Stables restoration captures Saltire Society’s housing design award

AN affordable homes development in Glasgow – created following the restoration of a former stables – has been named Housing Design of the Year by the Scottish cultural body, the Saltire Society.

Bell Street Stables – a late 19th century building initially used by the city’s cleansing department – has been converted by local architecture practice, Collective Architecture, on behalf of housing providers, the Wheatley Group, which carried out the required work in conjunction with construction company, CCG Scotland.

Noting a first prize of £1,500, the Saltire Society commended, among others, Ostro Passivhaus in Kippen, designed by Paper Igloo Ltd, and The Beekeepers House in Kelso designed by Zone Architects.

Says the Saltire Society (here) about the winner: “[It] was commended for its innate confidence to make its residents a real engine in its continuing transformation.”

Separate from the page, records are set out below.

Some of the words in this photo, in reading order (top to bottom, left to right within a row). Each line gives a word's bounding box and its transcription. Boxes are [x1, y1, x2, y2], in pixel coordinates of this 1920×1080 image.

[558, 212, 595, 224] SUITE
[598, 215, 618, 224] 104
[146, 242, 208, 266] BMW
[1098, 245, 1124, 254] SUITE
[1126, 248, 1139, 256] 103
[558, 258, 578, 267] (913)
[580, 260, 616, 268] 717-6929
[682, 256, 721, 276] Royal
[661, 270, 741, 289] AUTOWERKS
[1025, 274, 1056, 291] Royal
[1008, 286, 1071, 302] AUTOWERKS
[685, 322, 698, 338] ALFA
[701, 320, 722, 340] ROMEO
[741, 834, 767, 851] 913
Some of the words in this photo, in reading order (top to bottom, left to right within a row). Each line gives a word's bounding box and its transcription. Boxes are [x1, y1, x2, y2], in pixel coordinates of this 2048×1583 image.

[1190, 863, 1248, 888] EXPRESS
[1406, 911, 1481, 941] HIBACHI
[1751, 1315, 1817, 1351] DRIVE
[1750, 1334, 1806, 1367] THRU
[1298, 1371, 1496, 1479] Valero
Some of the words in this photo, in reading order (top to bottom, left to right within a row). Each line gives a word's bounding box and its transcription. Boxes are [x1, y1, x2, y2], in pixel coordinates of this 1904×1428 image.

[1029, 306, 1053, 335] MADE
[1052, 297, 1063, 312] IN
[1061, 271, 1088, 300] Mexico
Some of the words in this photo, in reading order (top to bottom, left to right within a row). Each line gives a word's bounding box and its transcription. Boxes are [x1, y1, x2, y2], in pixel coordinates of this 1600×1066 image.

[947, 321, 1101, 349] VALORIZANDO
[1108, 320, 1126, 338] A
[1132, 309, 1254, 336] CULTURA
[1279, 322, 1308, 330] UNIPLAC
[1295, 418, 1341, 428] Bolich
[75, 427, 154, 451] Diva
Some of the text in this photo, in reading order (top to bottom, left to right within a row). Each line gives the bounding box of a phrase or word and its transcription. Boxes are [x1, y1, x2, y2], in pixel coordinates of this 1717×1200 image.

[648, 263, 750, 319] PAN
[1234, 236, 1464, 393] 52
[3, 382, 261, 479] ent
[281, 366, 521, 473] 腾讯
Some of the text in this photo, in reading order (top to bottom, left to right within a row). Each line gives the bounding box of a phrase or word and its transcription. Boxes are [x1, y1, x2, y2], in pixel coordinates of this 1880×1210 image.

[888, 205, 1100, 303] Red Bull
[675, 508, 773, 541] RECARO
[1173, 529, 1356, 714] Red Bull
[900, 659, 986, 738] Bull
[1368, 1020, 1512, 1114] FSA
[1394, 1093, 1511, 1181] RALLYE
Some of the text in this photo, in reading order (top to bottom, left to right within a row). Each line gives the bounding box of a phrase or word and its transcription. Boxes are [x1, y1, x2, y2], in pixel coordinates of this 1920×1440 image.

Meanwhile, three awards were made in the Single Dwelling category: Lower Tullochgrue, in Aviemore, designed by Brown & Brown Architects and built by Spey Building and Joinery; House in Arisaig, designed by Rural Design Architects Ltd and built by Knoydart Construction Company Ltd; and Hebridean House, designed by Greig Penny Architecture Ltd and built by Paul MacInnes/Coastal Homes.

Bell Street Stables was also an award winner in the Multiple Dwelling category, as were two other entries: Havenfield Mews, Edinburgh, designed by Sonia Browse Architects and built by David Sparham Ltd; and Gannochy Lifetime Neighbourhood, Perth, designed by Anderson Bell Christie for the Gannochy Trust and built by Campion Homes.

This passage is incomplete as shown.